Monday, December 3, 2012

Test of Freedom - Episode 13

First Episode | Series Intro and TOC | Story So Far | Previous Episode

Episode 13 - "Old Cooper"
by Camille LaGuire

Among the prisoners at Clement farm was a man named Cooper.  Everyone assumed he was older than he was.  He had a bad leg that gave him a bent look, and his skin was wrinkled from too much time in the sun.  He didn't mind being thought old, though, since people tended to either treat him better, or ignore him altogether.

He had been around for a long time, having survived the disease and poor diet and dodged the sometimes vicious treatment by the guards.  He was trusted to go more places, and given less supervision, perhaps because his bad leg made him less valuable, and less dangerous.  He could go out in the woods to gather herbs, and was sent on errands instead of the slaves sometimes.  He was the nurse to the compound, and when there was an accident, or someone collapsed from heat or exhaustion, he was the one they called for.

It was in the late evening, when things were finally cooling off a bit.  Most of the prisoners had dragged themselves in and eaten, and were collapsed on the ground for well needed rest.  Cooper was placing a paste of leaves across a cut on young Tim's forehead.  The boy was probably sixteen, another youth from the Acton Peninsula.  He was about worn out, but there was nothing Cooper could do for that.

Jack Alwyn came and sat down next to him with a wince.  He looked exhausted, too.

"You should put more effort into looking like you're working hard," said Cooper.  "Rather than actually working."

"It's a fine line, though, and I've had enough knocks today."

"The Rock caught you not paying attention."
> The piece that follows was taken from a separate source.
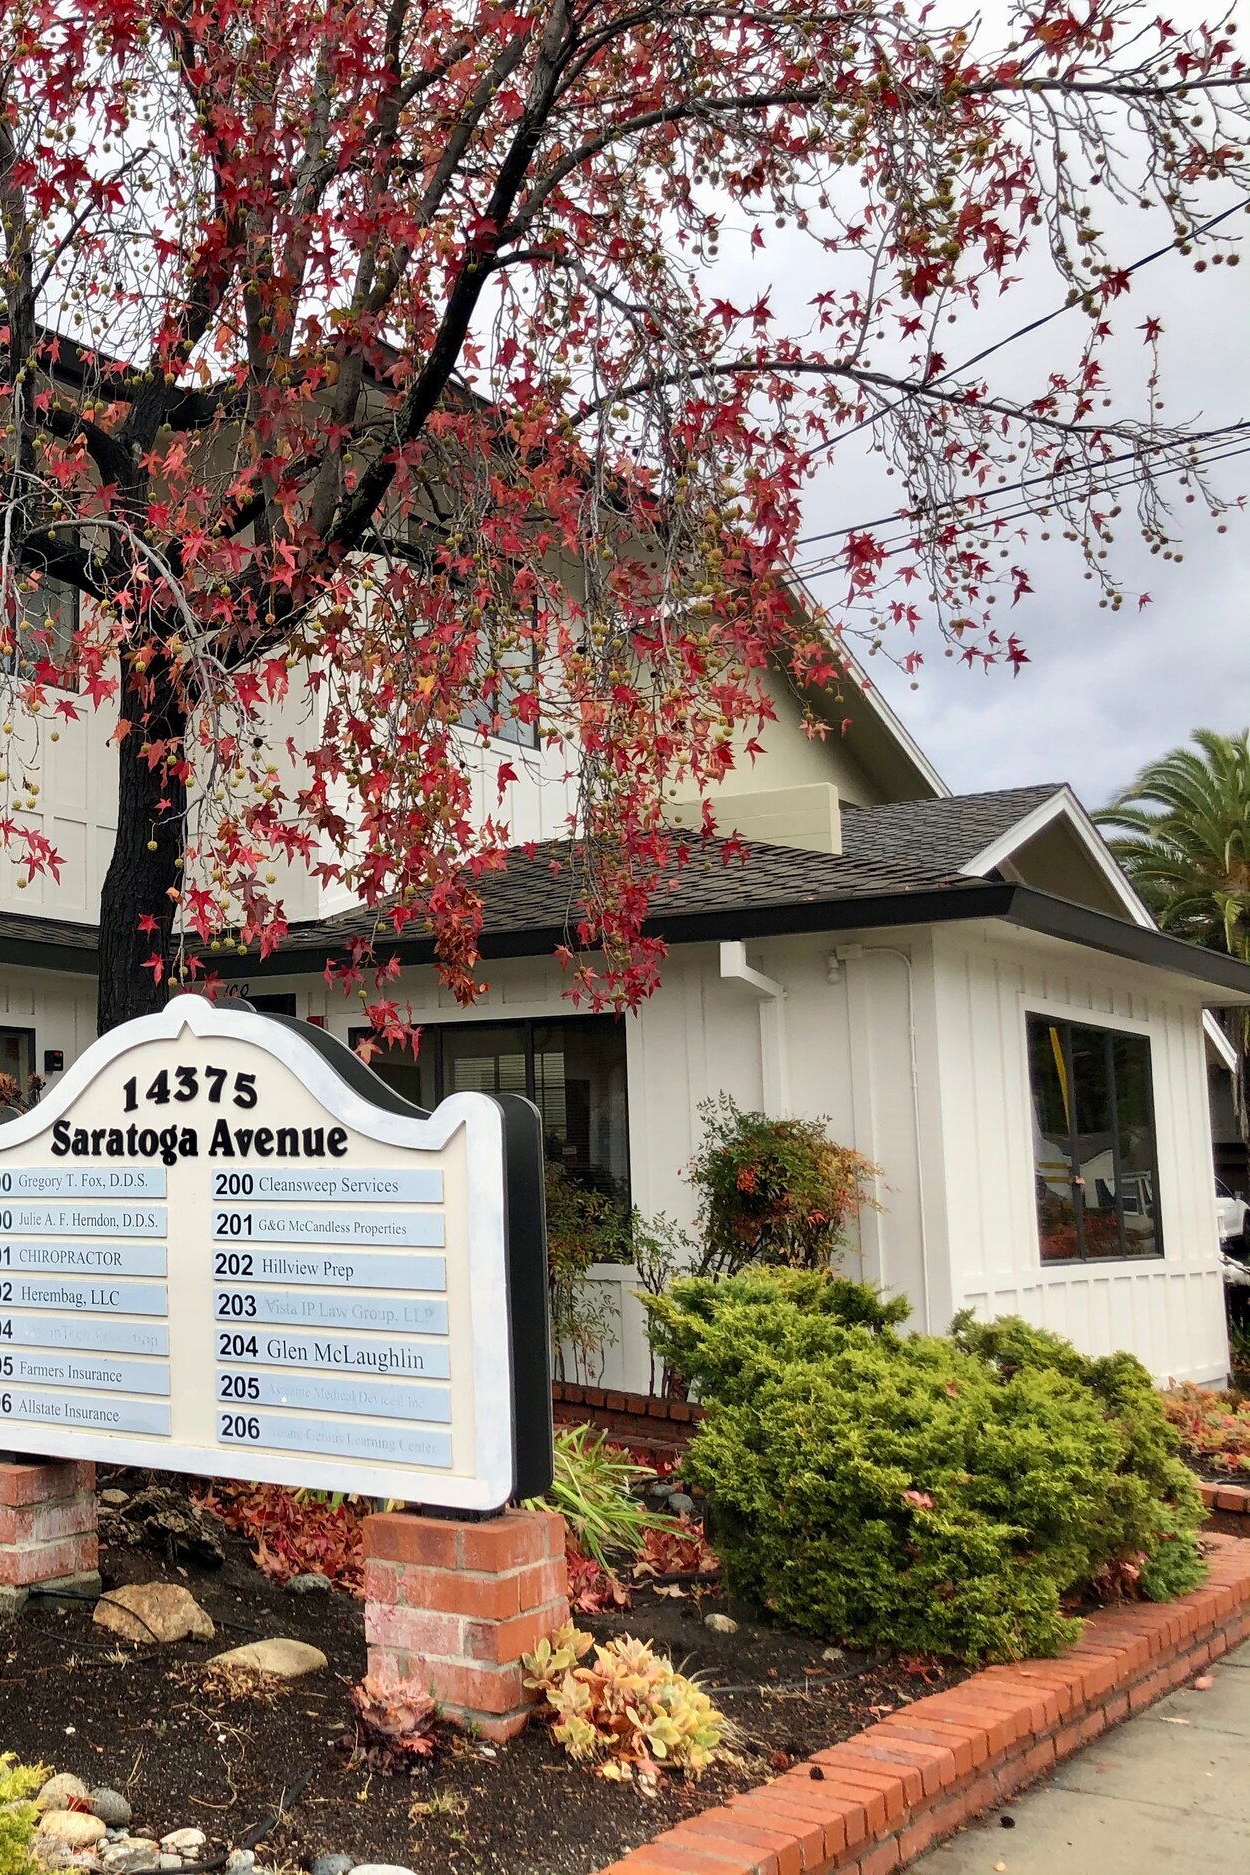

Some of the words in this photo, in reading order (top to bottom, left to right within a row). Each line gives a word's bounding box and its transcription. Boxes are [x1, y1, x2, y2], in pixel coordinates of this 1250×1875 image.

"You could say that."  Jack adjusted the way he was sitting, and then rubbed his shoulder.

"He likes you to be aware of him," Cooper told him. "He'll give you a knock just for not knowing he's there, sometimes."
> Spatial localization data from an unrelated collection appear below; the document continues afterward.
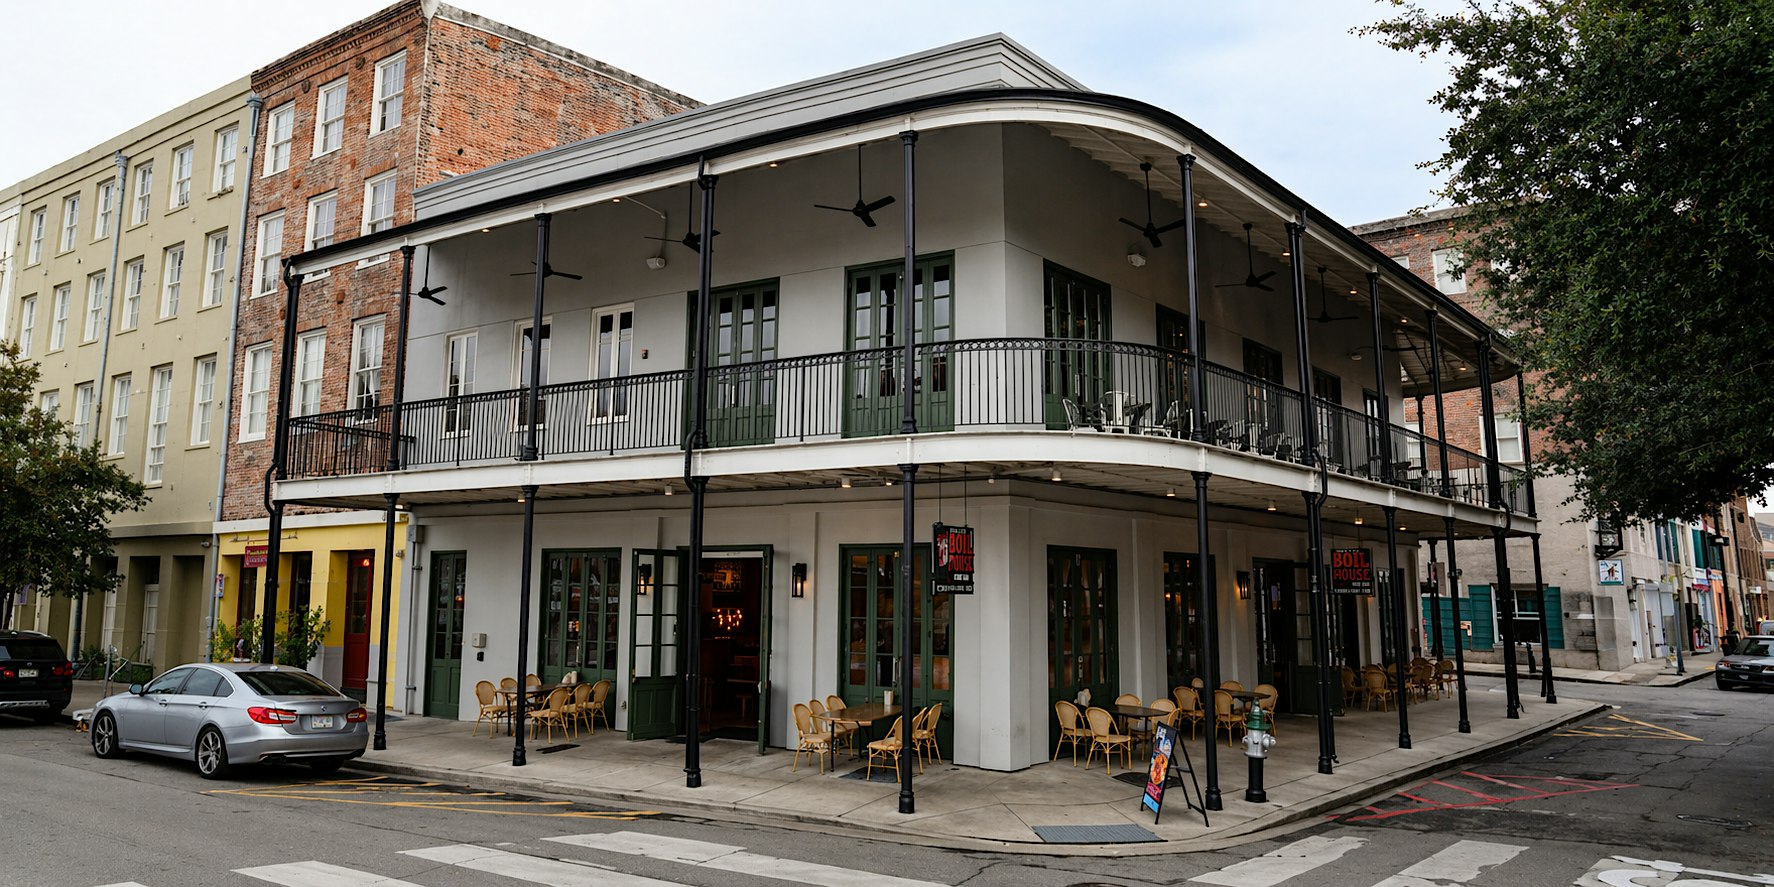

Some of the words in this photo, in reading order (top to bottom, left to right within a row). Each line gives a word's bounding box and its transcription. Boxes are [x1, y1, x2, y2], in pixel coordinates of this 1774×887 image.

[949, 533, 973, 554] BOIL
[1333, 552, 1369, 567] BOIL
[1333, 569, 1370, 580] HOUSE
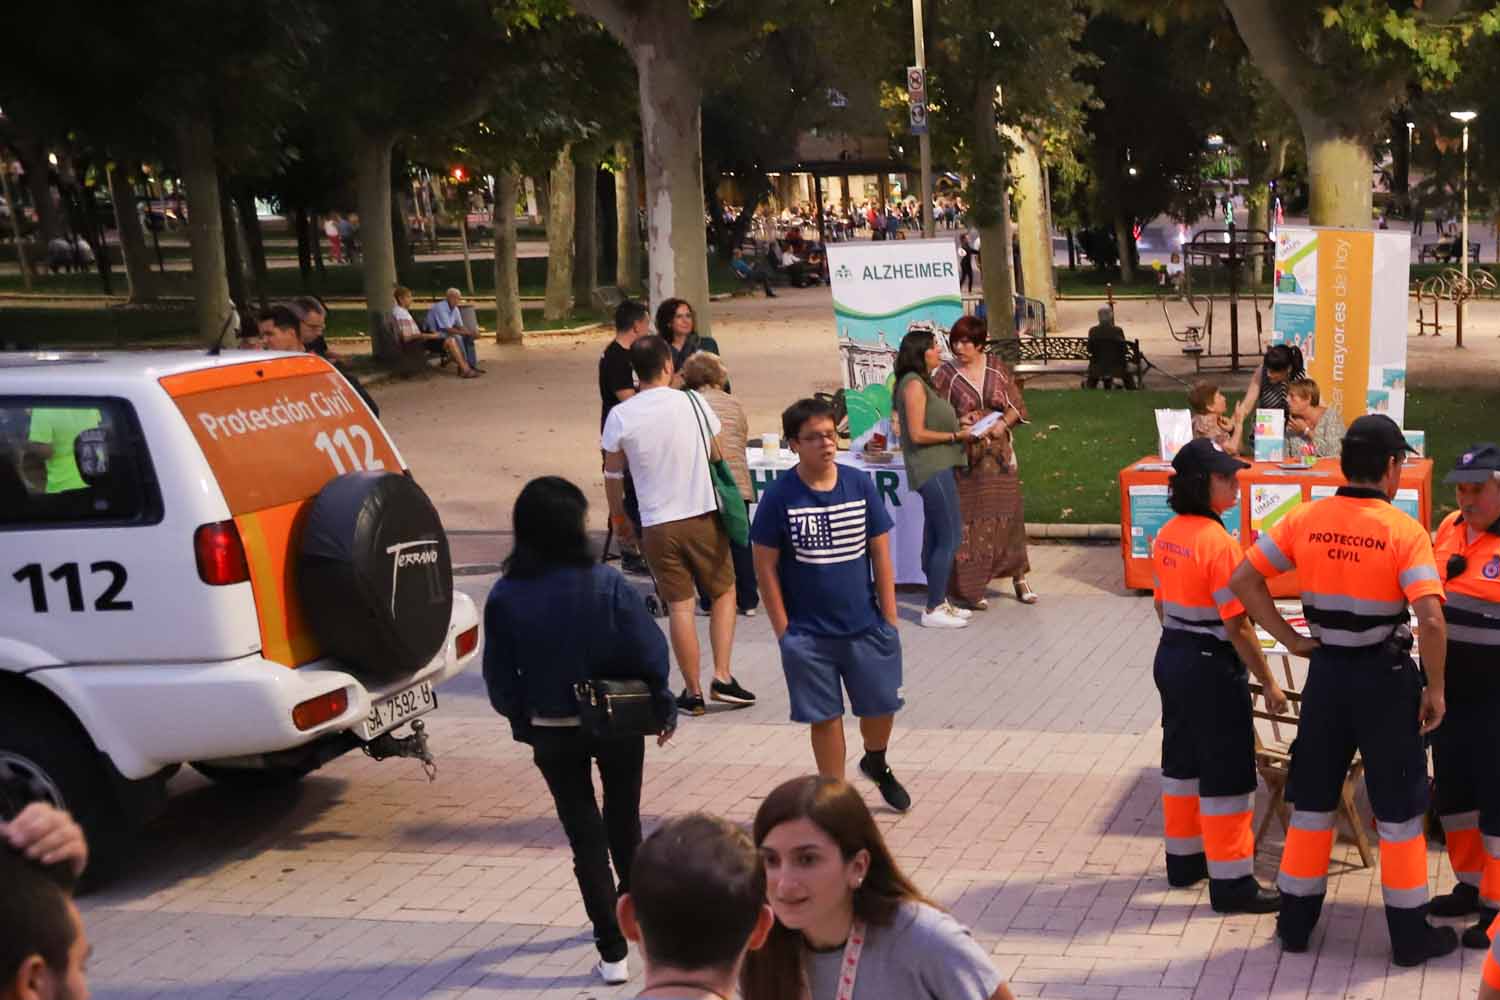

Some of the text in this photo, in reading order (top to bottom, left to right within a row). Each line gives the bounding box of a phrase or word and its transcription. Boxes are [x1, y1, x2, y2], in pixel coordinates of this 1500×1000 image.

[862, 262, 955, 281] ALZHEIMER
[198, 390, 356, 441] Protección Civil
[314, 424, 385, 476] 112
[797, 515, 818, 536] 76
[1327, 549, 1361, 563] CIVIL
[12, 560, 134, 613] 112
As if the very mention of the name were likely to call up a demon, both Cooper and Jack looked over toward the cook tent, where you could see Rocken leaning on a post and smoking a pipe.  The cane dangled from his arm, but he seemed at ease, and was certainly too far to hear whey were saying.

Jack nodded and looked thoughtful.

"I heard something odd today about him," he said.
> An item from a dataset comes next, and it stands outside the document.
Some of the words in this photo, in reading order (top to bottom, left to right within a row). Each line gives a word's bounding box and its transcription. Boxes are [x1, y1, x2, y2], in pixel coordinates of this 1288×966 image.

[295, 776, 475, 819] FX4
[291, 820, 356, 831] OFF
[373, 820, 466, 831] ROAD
"You mean that he's a prisoner too?"

"Aye."  Jack turned to Cooper with interest.

"He's a murderer," said Cooper.  "Has a life contract.  The only way he can ever get free is if the governor commutes."

"And beating the hell out of us will help with that?"

"No, beating the hell out of us gets him a decent life.  And I think the bastard likes it too."

"You think so?" said Jack.  There was a note of doubt in his voice.

"If you think there's anything soft about the Rock, you'd best learn otherwise right fast, Jack."

"Oh, soft, no. I don't believe there is anything soft about Rocken," agreed Jack.

And yet the note of doubt remained in his voice.  What it was about, Cooper couldn't imagine, but it made him uneasy.